Logement social : des maires ulcérés par les accusations de la ministre Emmanuelle Wargon
C’est d’abord dans une tribune publiée dans le Journal du dimanche que s’est exprimée la ministre, pour estimer nécessaire de « réviser les obligations des collectivités territoriales dans le cadre de la loi SRU ». Deux jours plus tard, sur RTL, elle précisait sa pensée, en demandant que les préfets se substituent plus systématiquement aux maires lorsque ceux-ci sont « défaillants » : « Le maire ne veut pas construire de logements sociaux, c'est le préfet qui signera les permis de construire », a déclaré la ministre, citant nommément un certain nombre de communes. Emmanuelle Wargon a par ailleurs déclaré que des maires, dans la mesure où la loi SRU fixe des obligations jusqu’à 2025 seulement, « se disent : ‘’Oh, ça dure jusqu’en 2025, on va jouer la montre et puis après ça s’arrêtera’’ ».

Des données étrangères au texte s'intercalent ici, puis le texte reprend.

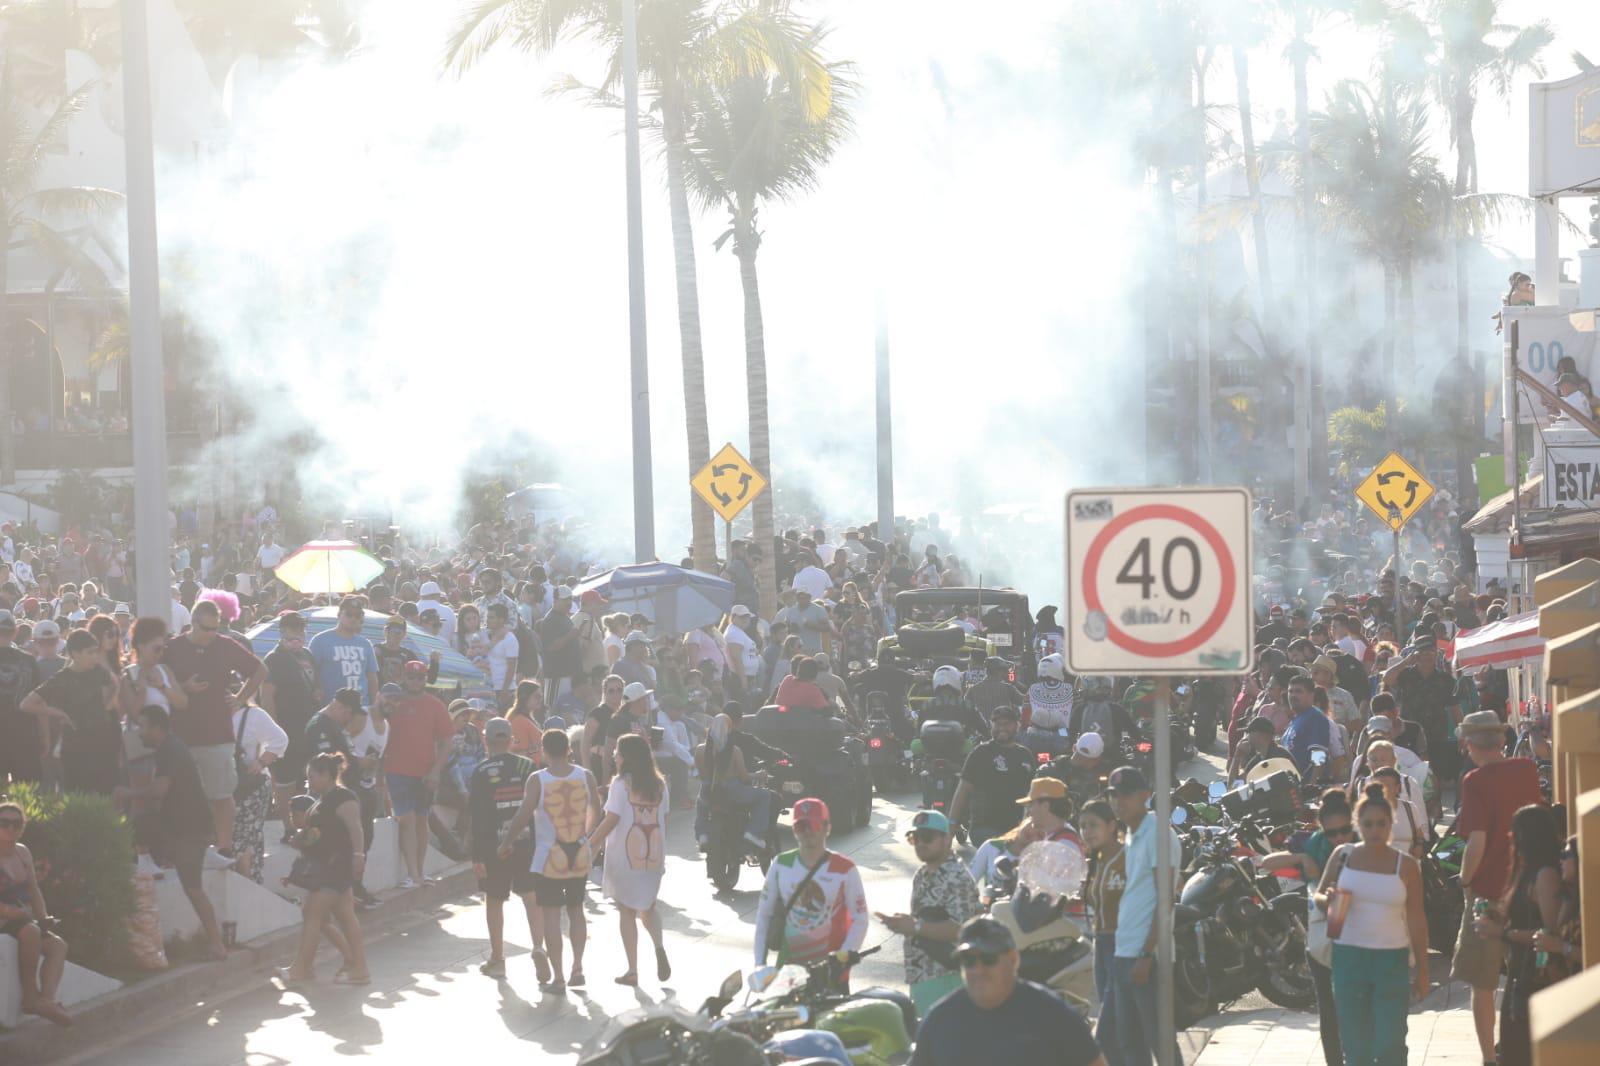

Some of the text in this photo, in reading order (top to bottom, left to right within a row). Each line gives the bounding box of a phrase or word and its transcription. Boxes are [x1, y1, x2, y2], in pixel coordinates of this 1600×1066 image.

Ce qui a particulièrement agacé de nombreux maires confrontés au problème, c’est que la ministre n’a évoqué que la mauvaise volonté comme unique raison de ne pas tenir les obligations de la loi SRU, laissant entendre que là où les objectifs ne sont pas atteints, c’est seulement parce que les maires « ne veulent pas ». S’il n’est pas contestable que le cas existe, et que certains maires – en nombre en réalité très restreint – refusent de jouer le jeu, pour la plupart ce sont bien d’autres difficultés qui les empêchent d’avancer : rareté du foncier, existence de zones inondables, problèmes financiers… autant de raisons que la ministre semble avoir délibérément choisi d’ignorer.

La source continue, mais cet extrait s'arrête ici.